Sobre tal requerimento e a arguição de nulidade ai reiteradamente arguida dir-se-à o que já foi repetidamente dito:
O Requerimento apresentado pela Executada reitera, consecutivamente, um pedido de nulidade sobre o qual o Tribunal da Relação já se pronunciou, nomeadamente no Acórdão proferido em 24 de Abril de 2022, no Despacho de 2 de Julho de 2022 e no Acórdão de 08 de Setembro de 2022, no despacho de 10-11-22, indeferindo as nulidades invocadas pela Executada.

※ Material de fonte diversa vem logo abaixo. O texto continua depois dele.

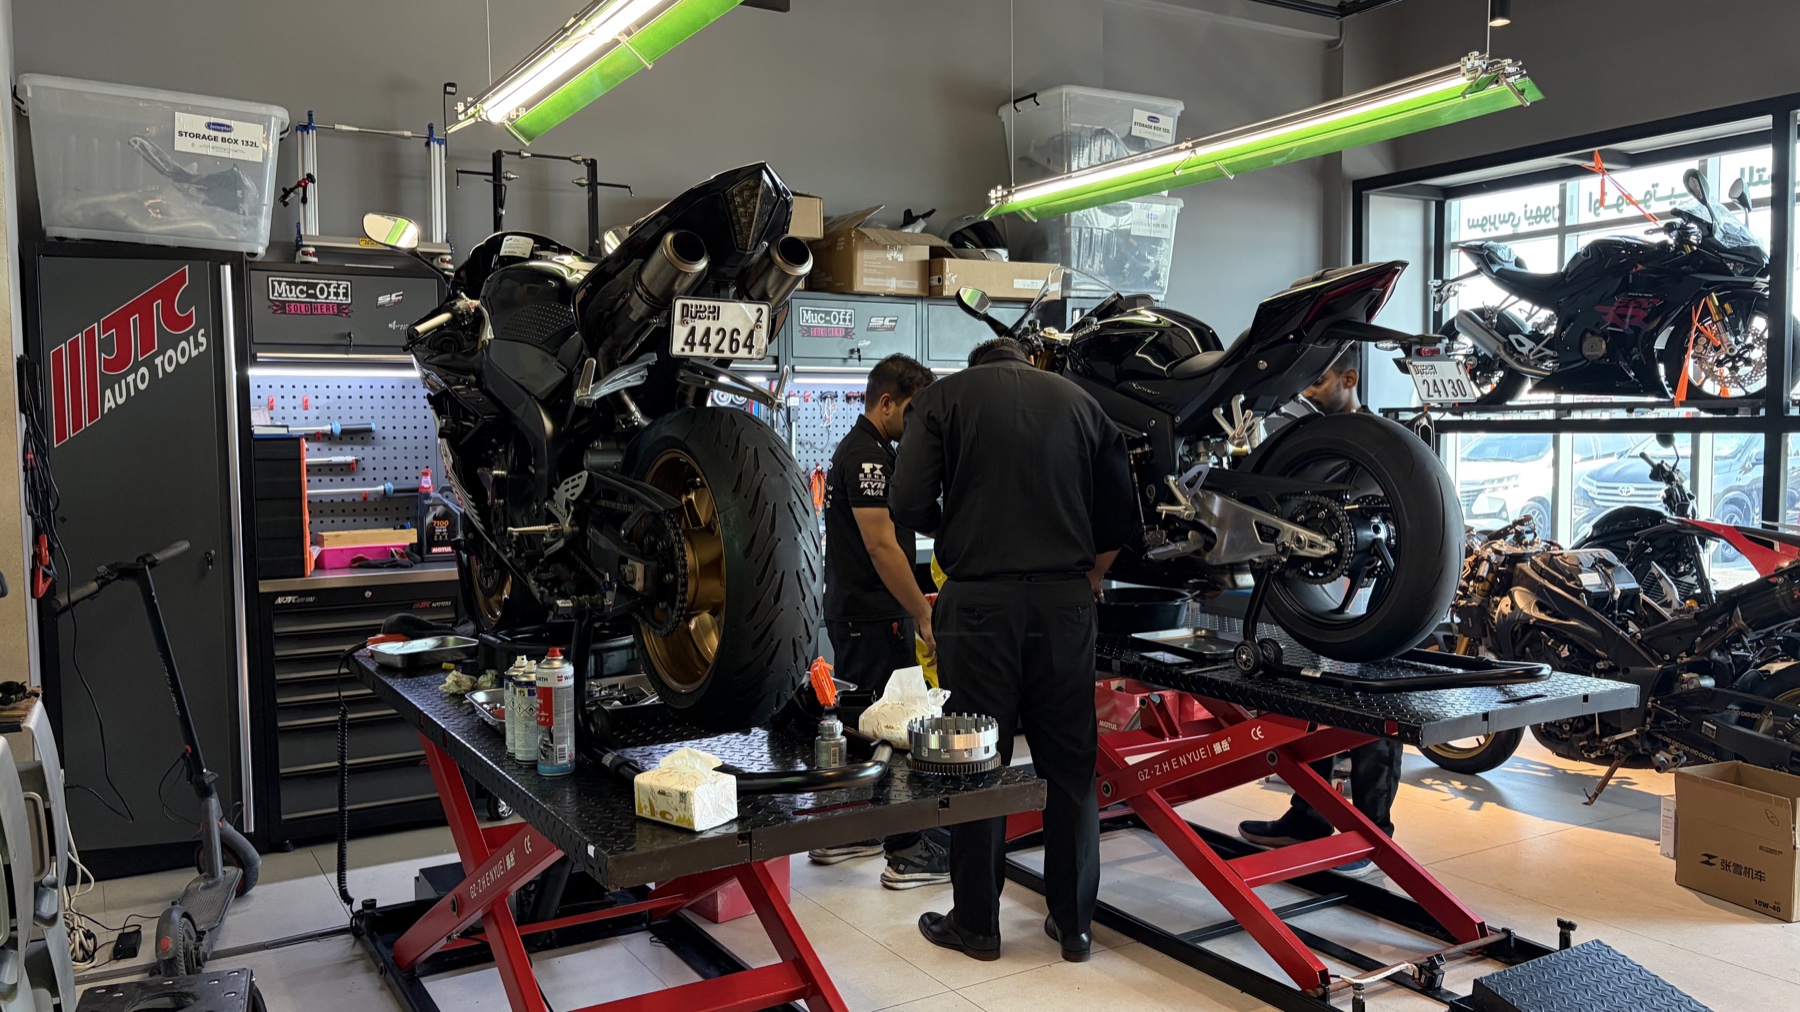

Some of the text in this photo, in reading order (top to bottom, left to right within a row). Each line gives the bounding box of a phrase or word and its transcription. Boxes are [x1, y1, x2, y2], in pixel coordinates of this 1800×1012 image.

[1133, 121, 1153, 130] STORAGE
[177, 130, 219, 142] STORAGE
[220, 136, 239, 145] BOX
[241, 139, 259, 148] 132L
[272, 281, 348, 301] Muc-Off
[377, 291, 404, 303] SC
[286, 303, 338, 314] SOLD HERE
[756, 307, 764, 323] 2
[802, 310, 852, 326] Muc-Off
[869, 317, 898, 326] SC
[811, 327, 845, 336] SOLD HERE
[683, 325, 755, 355] 44264
[103, 328, 208, 415] AUTO TOOLS
[1422, 378, 1468, 398] 24130
[860, 481, 886, 489] KYB
[1099, 720, 1118, 731] MOTUL
[1251, 725, 1265, 741] CE
[1720, 858, 1766, 882] 张雪机车
[1753, 898, 1781, 913] 10W-40
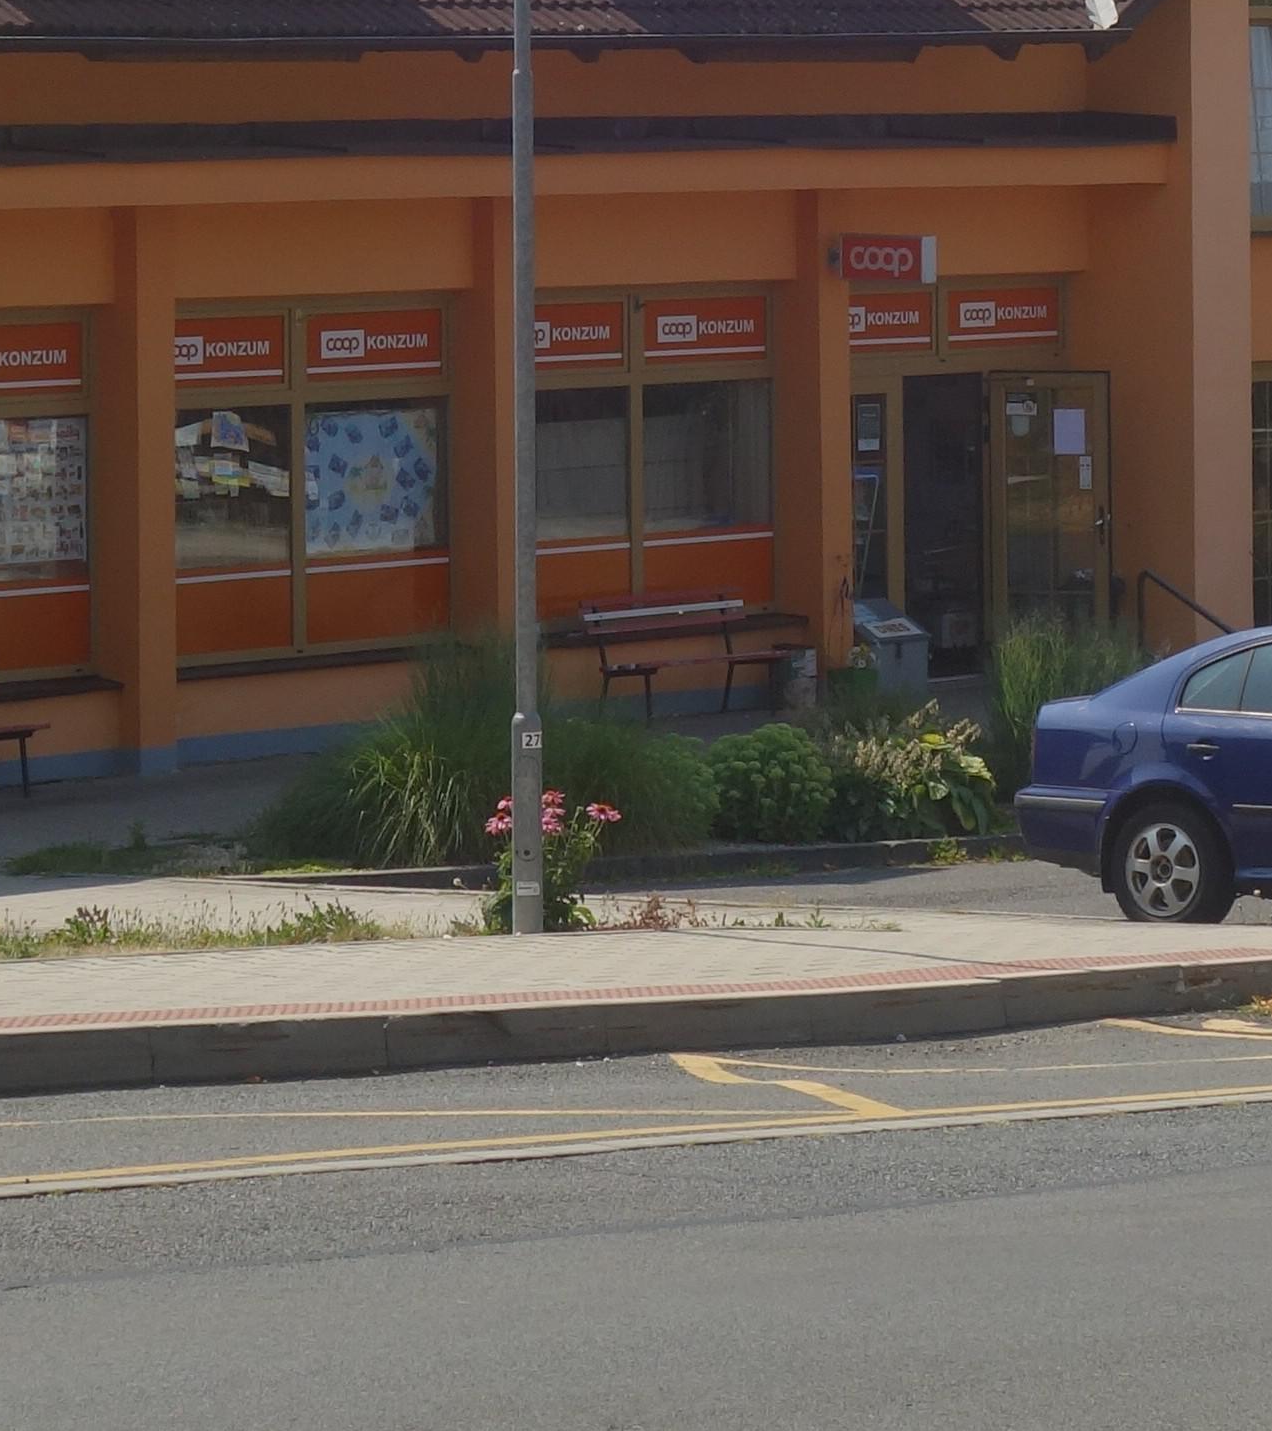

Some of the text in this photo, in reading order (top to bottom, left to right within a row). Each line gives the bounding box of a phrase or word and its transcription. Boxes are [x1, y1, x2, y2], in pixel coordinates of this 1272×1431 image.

Em particular, naquele último Acórdão resulta evidente que inexiste qualquer nulidade no Acórdão que o antecede e que a Executada esgotara todos os meios para protelar o trânsito em julgado da decisão, nada mais cabendo a apreciar pelo Tribunal da Relação de Lisboa, porque nenhuma nulidade prevista no artigo 615º do CPC foi cometida. Com a prolação do Acórdão de 8/9/2022, esgotou-se o poder jurisdicional quanto à apreciação das nulidades invocadas. Improcede assim a pretensão que deduziu. Indefere-se o requerimento que pede a este tribunal que aprecie as nulidades novamente invocadas. A requerente insiste reiteradamente na mesma posição, que já foi afastada pelo tribunal, não existindo mais nenhum meio processual colocado á sua disposição para continuar a defender a sua tese. É manifesto que o que visa é protelar o trânsito em julgado da decisão, conduta que se situa já no cerne da litigância de má fé, prevista no art.542º, in fine do CPC, como veremos de seguida.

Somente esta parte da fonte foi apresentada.